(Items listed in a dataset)
══════════
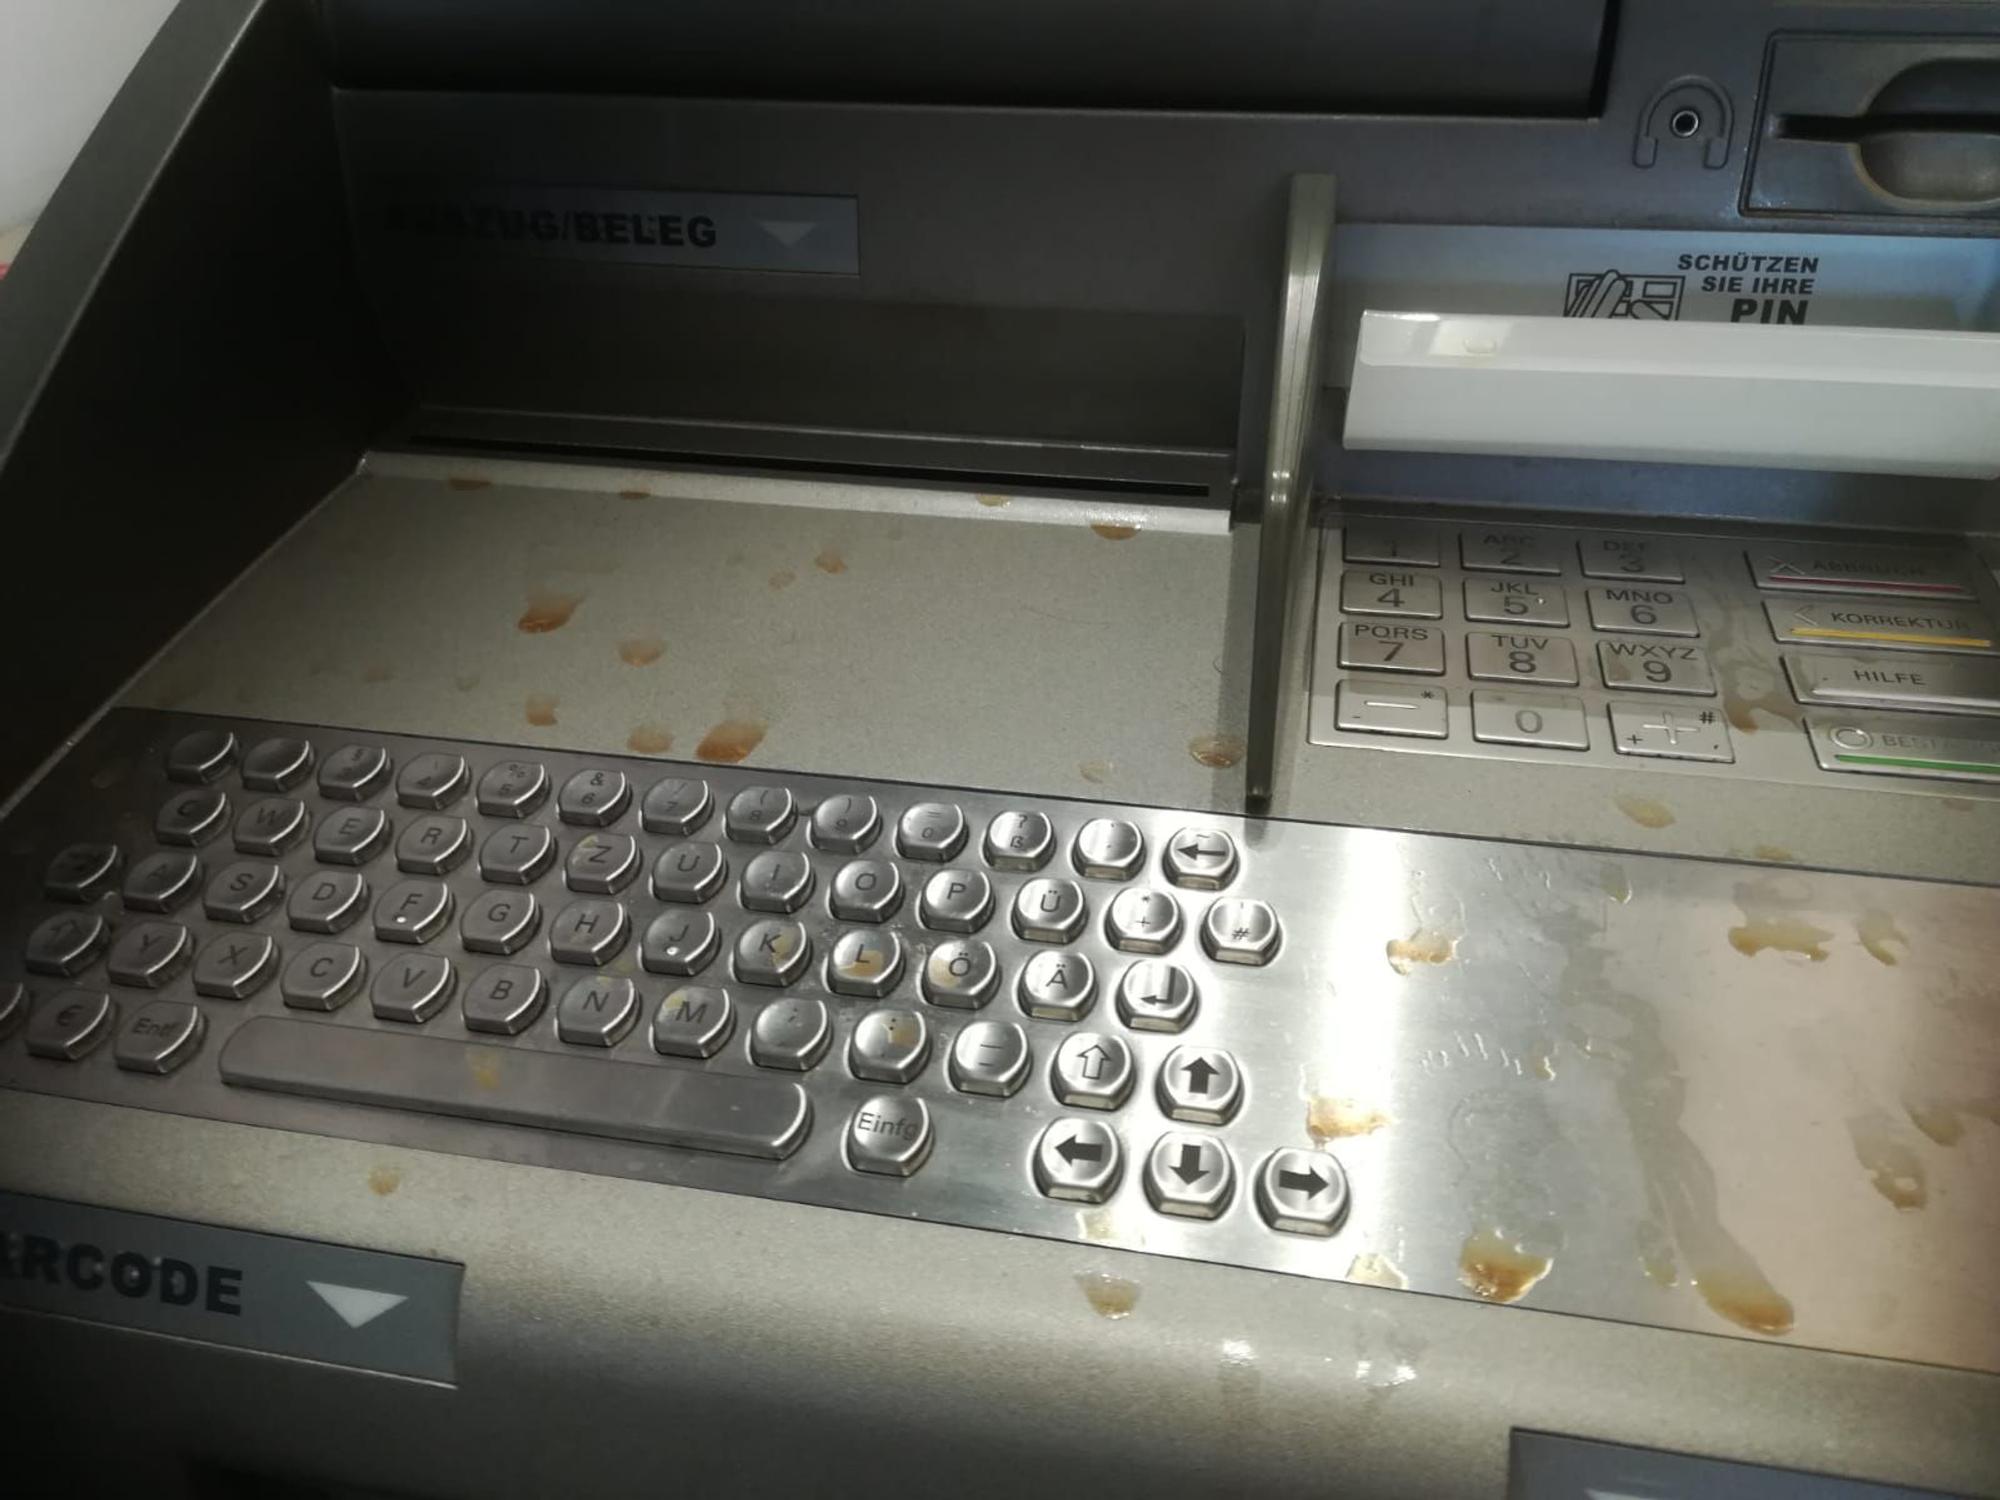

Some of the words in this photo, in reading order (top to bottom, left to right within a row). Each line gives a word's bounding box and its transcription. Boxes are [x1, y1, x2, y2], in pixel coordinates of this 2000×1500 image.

[1678, 252, 1819, 274] SCHÜTZEN
[1701, 276, 1742, 293] SIE
[1752, 277, 1815, 295] IHRE
[1730, 298, 1809, 325] PIN
[1620, 552, 1646, 573] 3
[1369, 572, 1415, 587] GHI
[1490, 581, 1539, 596] JKL
[1376, 588, 1405, 608] 4
[1503, 595, 1529, 616] 5
[1605, 589, 1673, 605] MNO
[1631, 604, 1657, 626] 6
[1354, 623, 1429, 642] PQRS
[1490, 633, 1550, 652] TUV
[1377, 641, 1405, 663] 7
[1508, 650, 1538, 674] 8
[1608, 641, 1700, 662] WXYZ
[1641, 660, 1673, 684] 9
[1853, 669, 1927, 686] HILFE
[1515, 709, 1543, 735] 0
[338, 817, 361, 836] E
[419, 826, 443, 846] R
[508, 835, 529, 854] T
[588, 845, 614, 864] Z
[677, 853, 701, 873] U
[229, 872, 255, 892] S
[311, 882, 337, 900] D
[854, 872, 877, 892] O
[946, 881, 967, 901] P
[400, 892, 424, 911] F
[1039, 889, 1062, 914] Ü
[487, 902, 512, 923] G
[573, 913, 600, 934] H
[669, 924, 690, 943] J
[758, 933, 783, 954] K
[854, 943, 871, 965] L
[218, 944, 249, 966] X
[948, 951, 971, 978] Ö
[309, 956, 335, 978] C
[1045, 963, 1069, 990] Ä
[401, 966, 428, 990] V
[488, 979, 514, 1001] B
[581, 990, 610, 1013] N
[674, 1000, 708, 1024] M
[856, 1110, 919, 1142] Einfg
══════════
_INSTRUCTIONS FOR THE TASK_
Please print each entry exactly as given and keep pictures out of it.

_SOLUTION BELOW_
Some of the words in this photo, in reading order (top to bottom, left to right within a row). Each line gives a word's bounding box and its transcription. Boxes are [x1, y1, x2, y2], in pixel coordinates of this 2000×1500 image.

[1678, 252, 1819, 274] SCHÜTZEN
[1701, 276, 1742, 293] SIE
[1752, 277, 1815, 295] IHRE
[1730, 298, 1809, 325] PIN
[1620, 552, 1646, 573] 3
[1369, 572, 1415, 587] GHI
[1490, 581, 1539, 596] JKL
[1376, 588, 1405, 608] 4
[1503, 595, 1529, 616] 5
[1605, 589, 1673, 605] MNO
[1631, 604, 1657, 626] 6
[1354, 623, 1429, 642] PQRS
[1490, 633, 1550, 652] TUV
[1377, 641, 1405, 663] 7
[1508, 650, 1538, 674] 8
[1608, 641, 1700, 662] WXYZ
[1641, 660, 1673, 684] 9
[1853, 669, 1927, 686] HILFE
[1515, 709, 1543, 735] 0
[338, 817, 361, 836] E
[419, 826, 443, 846] R
[508, 835, 529, 854] T
[588, 845, 614, 864] Z
[677, 853, 701, 873] U
[229, 872, 255, 892] S
[311, 882, 337, 900] D
[854, 872, 877, 892] O
[946, 881, 967, 901] P
[400, 892, 424, 911] F
[1039, 889, 1062, 914] Ü
[487, 902, 512, 923] G
[573, 913, 600, 934] H
[669, 924, 690, 943] J
[758, 933, 783, 954] K
[854, 943, 871, 965] L
[218, 944, 249, 966] X
[948, 951, 971, 978] Ö
[309, 956, 335, 978] C
[1045, 963, 1069, 990] Ä
[401, 966, 428, 990] V
[488, 979, 514, 1001] B
[581, 990, 610, 1013] N
[674, 1000, 708, 1024] M
[856, 1110, 919, 1142] Einfg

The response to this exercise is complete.